Work request => Everything below from the line with "Some of the words" through the line with "this 1344×1440 image." should be copied exactly, and nothing else; leave out the pictures.
——————
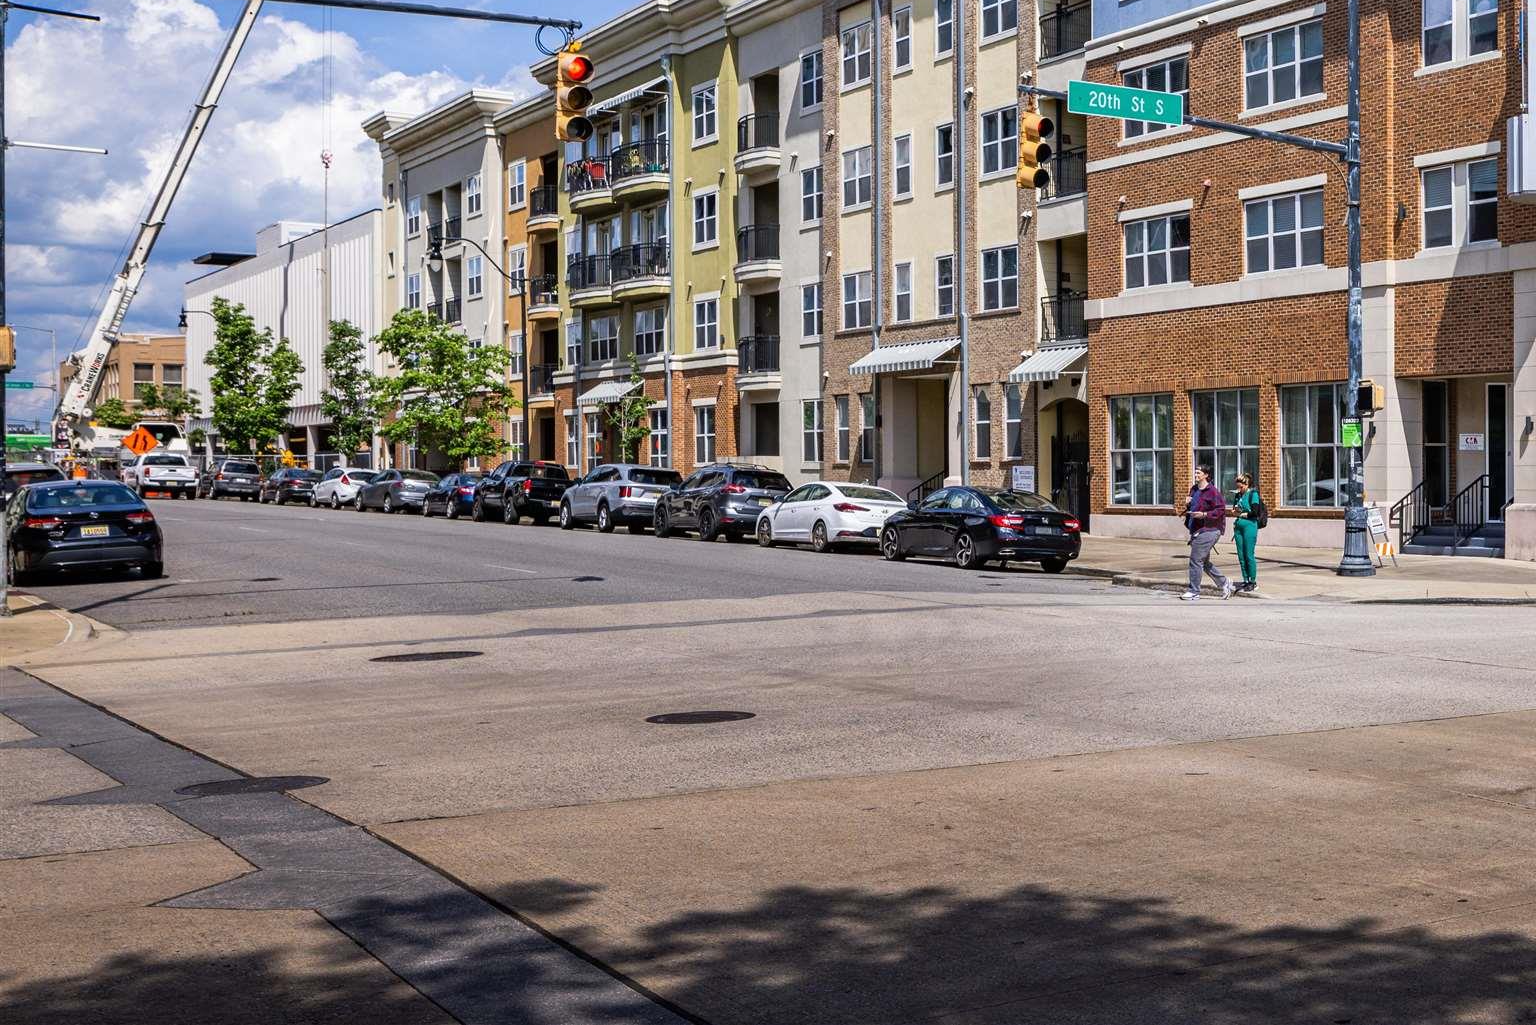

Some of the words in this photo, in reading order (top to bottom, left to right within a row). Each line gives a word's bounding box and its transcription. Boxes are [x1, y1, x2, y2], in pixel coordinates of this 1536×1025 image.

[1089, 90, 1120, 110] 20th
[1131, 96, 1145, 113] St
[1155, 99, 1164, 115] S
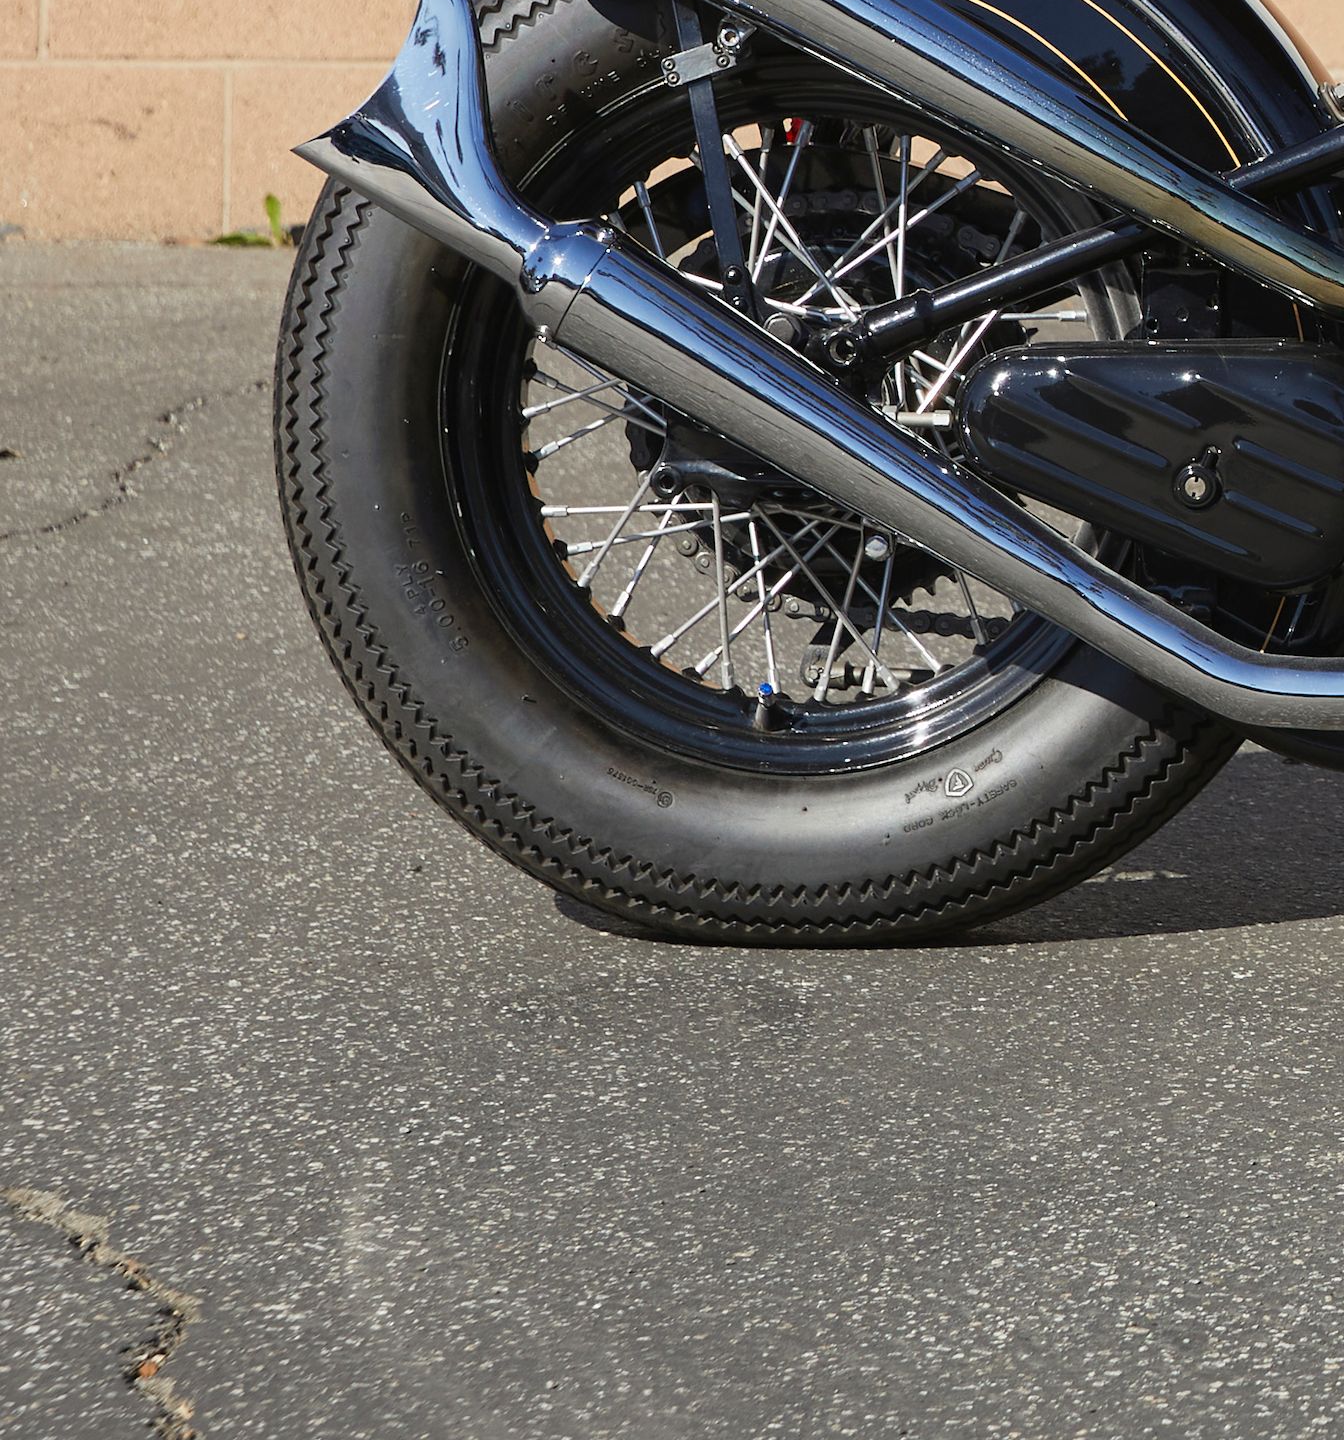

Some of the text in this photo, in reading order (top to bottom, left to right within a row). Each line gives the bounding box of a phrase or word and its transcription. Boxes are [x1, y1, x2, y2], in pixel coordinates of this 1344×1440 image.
——————
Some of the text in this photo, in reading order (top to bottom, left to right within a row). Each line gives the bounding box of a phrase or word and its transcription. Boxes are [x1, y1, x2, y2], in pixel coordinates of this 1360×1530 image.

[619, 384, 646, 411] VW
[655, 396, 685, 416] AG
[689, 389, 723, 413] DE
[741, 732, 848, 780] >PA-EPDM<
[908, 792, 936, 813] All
——————
Answer for this exercise =>
Some of the words in this photo, in reading order (top to bottom, left to right within a row). Each line gives a word's bounding box and its transcription. Boxes are [x1, y1, x2, y2], in pixel coordinates of this 1536×1025 image.

[1089, 90, 1120, 110] 20th
[1131, 96, 1145, 113] St
[1155, 99, 1164, 115] S

Some of the text in this photo, in reading order (top to bottom, left to right within a row). Each line gives the bounding box of a phrase or word and its transcription. Boxes are [x1, y1, x2, y2], in pixel coordinates of this 1344×1440 image.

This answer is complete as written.